La relation entre les États-Unis et l’Arabie saoudite est ancienne. Elle remonte à sept décennies. Il s’agit d’une alliance stratégique, mise en place par ce qui est passé à la postérité sous l’appellation de « Pacte du Quincy ». Ce pacte, qui n’a jamais constitué un traité en bonne et due forme, renvoie concrètement à la rencontre qui eut lieu le 14 février 1945, sur le lac Amer, entre Port-Saïd et l’embouchure du canal de Suez, au large de Djeddah, à bord du croiseur USS Quincy, entre le président des États-Unis Franklin Delano Roosevelt et le roi d’Arabie saoudite Ibn Saoud. Lors de cette rencontre historique, un accord stratégique avait alors été conclu. L’accord reposait sur deux piliers : l’Arabie saoudite acceptait le principe de la « sanctuarisation » énergétique de sa production pétrolière ainsi que de ses réserves pétrolières au profit des États-Unis via l’ARAMCO, la major pétrolière à l’époque exclusivement américaine, en contrepartie de quoi ces derniers assuraient la « sanctuarisation » sécuritaire du jeune Royaume saoudien (établi le 22 septembre 1932). À partir de là s’est mise en place cette alliance stratégique qui demeure aujourd’hui bien qu’il y ait eu parfois des hauts et des bas. On pourrait même dire pour le meilleur et pour le pire.

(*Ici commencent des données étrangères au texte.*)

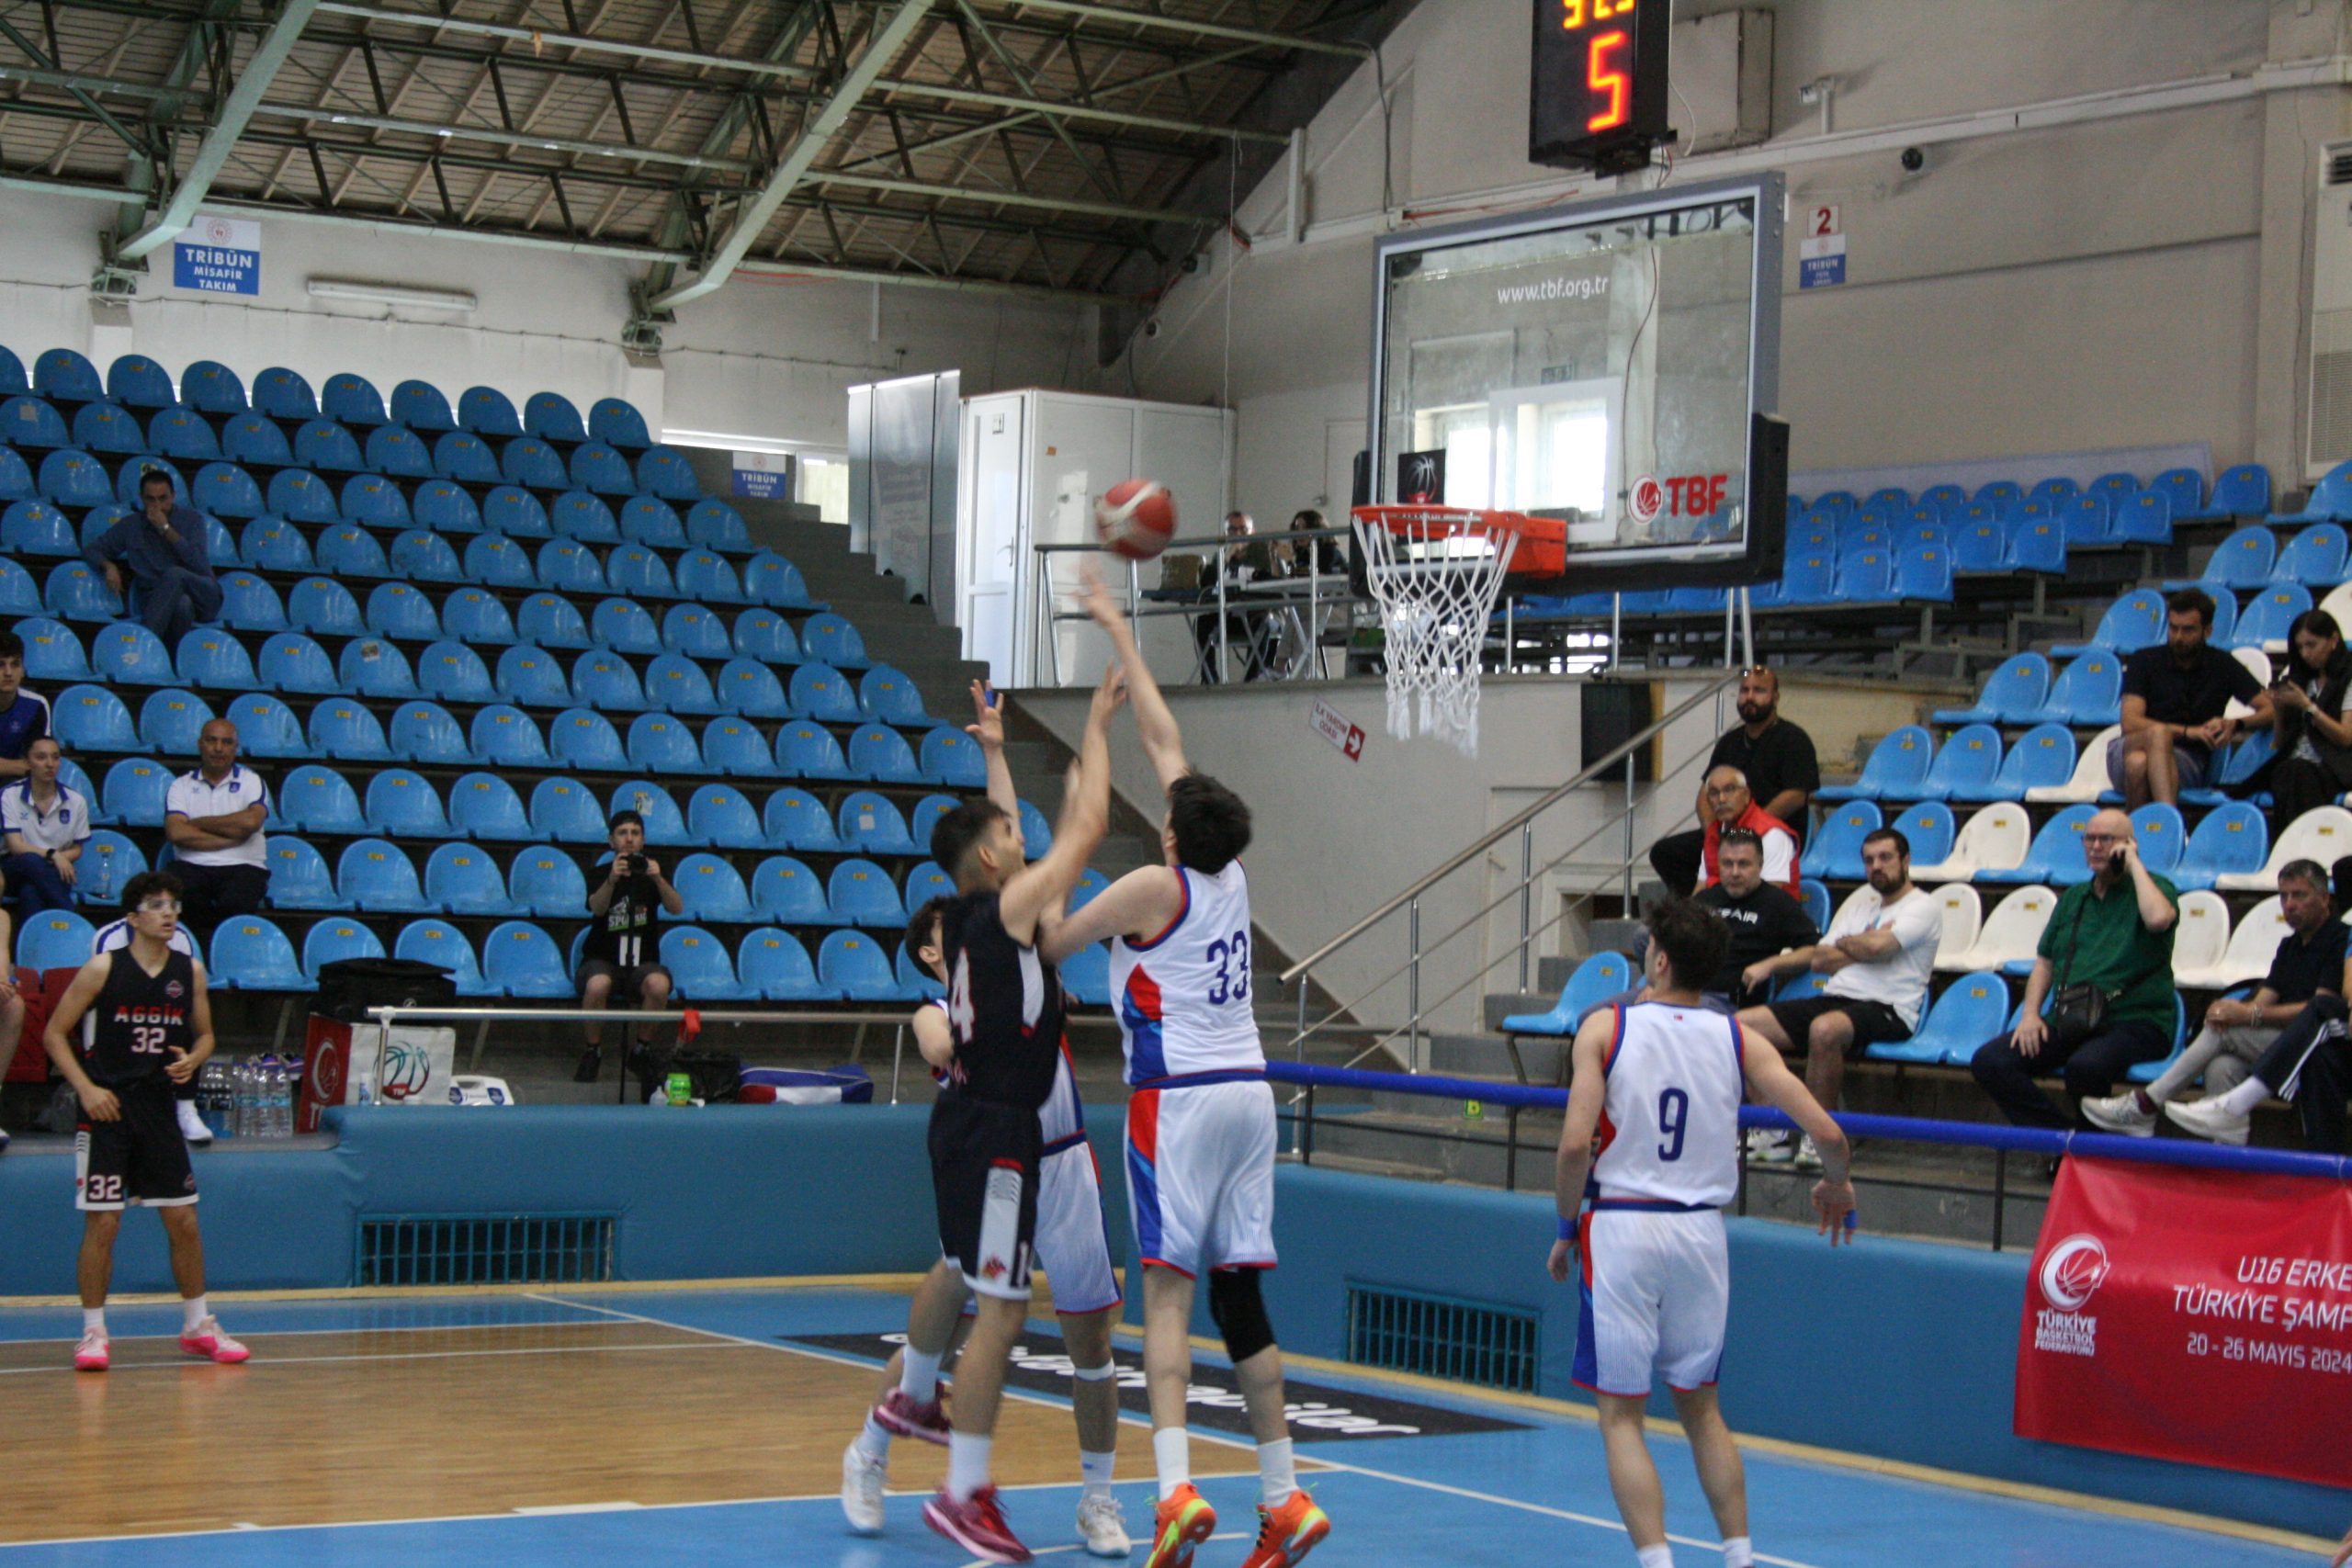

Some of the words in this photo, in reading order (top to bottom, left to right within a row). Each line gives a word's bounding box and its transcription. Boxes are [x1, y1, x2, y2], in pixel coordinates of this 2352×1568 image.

[1588, 29, 1628, 131] 5
[1816, 206, 1831, 235] 2
[186, 247, 253, 268] TRİBÜN
[194, 265, 243, 280] MİSAFİR
[198, 278, 237, 292] TAKIM
[1498, 276, 1609, 304] www.tbf.org.tr
[741, 472, 777, 485] TRİBÜN
[1665, 474, 1728, 517] TBF
[1206, 930, 1249, 1006] 33
[131, 1027, 166, 1054] 32
[1657, 1087, 1689, 1162] 9
[88, 1175, 122, 1201] 32
[2237, 1256, 2285, 1285] U16
[2286, 1258, 2352, 1292] ERKE
[2174, 1282, 2278, 1324] TÜRKİYE
[2036, 1307, 2098, 1335] TÜRKİYE
[2036, 1326, 2094, 1348] BASKETBOL
[2187, 1332, 2209, 1356] 20
[2222, 1337, 2245, 1360] 26
[2249, 1340, 2306, 1368] MAYIS
[2311, 1347, 2352, 1374] 2024

Les engagements du « Pacte du Quincy » demeurent théoriquement valables aujourd’hui, même si un certain nombre d’événements ont profondément impacté la nature de cette relation. Pendant la Guerre froide, cette alliance s’est trouvée renforcée : il y a en effet eu durant le mandat du président américain Jimmy Carter, la formulation de sa doctrine à l’occasion de son discours sur l’État de l’Union le 23 janvier 1980, doctrine selon laquelle toute atteinte aux intérêts du territoire saoudien serait considérée comme un acte d’agression envers les États-Unis et entraînerait une réponse militaire automatique : « Que notre position soit absolument claire : une tentative de toute force extérieure de prendre le contrôle de la région du golfe Persique sera considérée comme une attaque contre les intérêts vitaux des États-Unis d’Amérique, et un tel assaut sera repoussé par tous les moyens nécessaires, y compris la force militaire ». Par la suite, cette relation a prouvé sa solidité lors de la première guerre du Golfe en 1991, puisque la coalition internationale menée par les États-Unis (soit quelque 500 000 hommes, majoritairement américains qui avaient été positionnés sur le territoire du royaume pour préparer la reconquête du Koweït après l’invasion d’août 1990 par le dictateur irakien Saddam Hussein) était aussi destinée à protéger le royaume saoudien de la menace que pouvait faire peser l’armée de Saddam Hussein après l’annexion du Koweït.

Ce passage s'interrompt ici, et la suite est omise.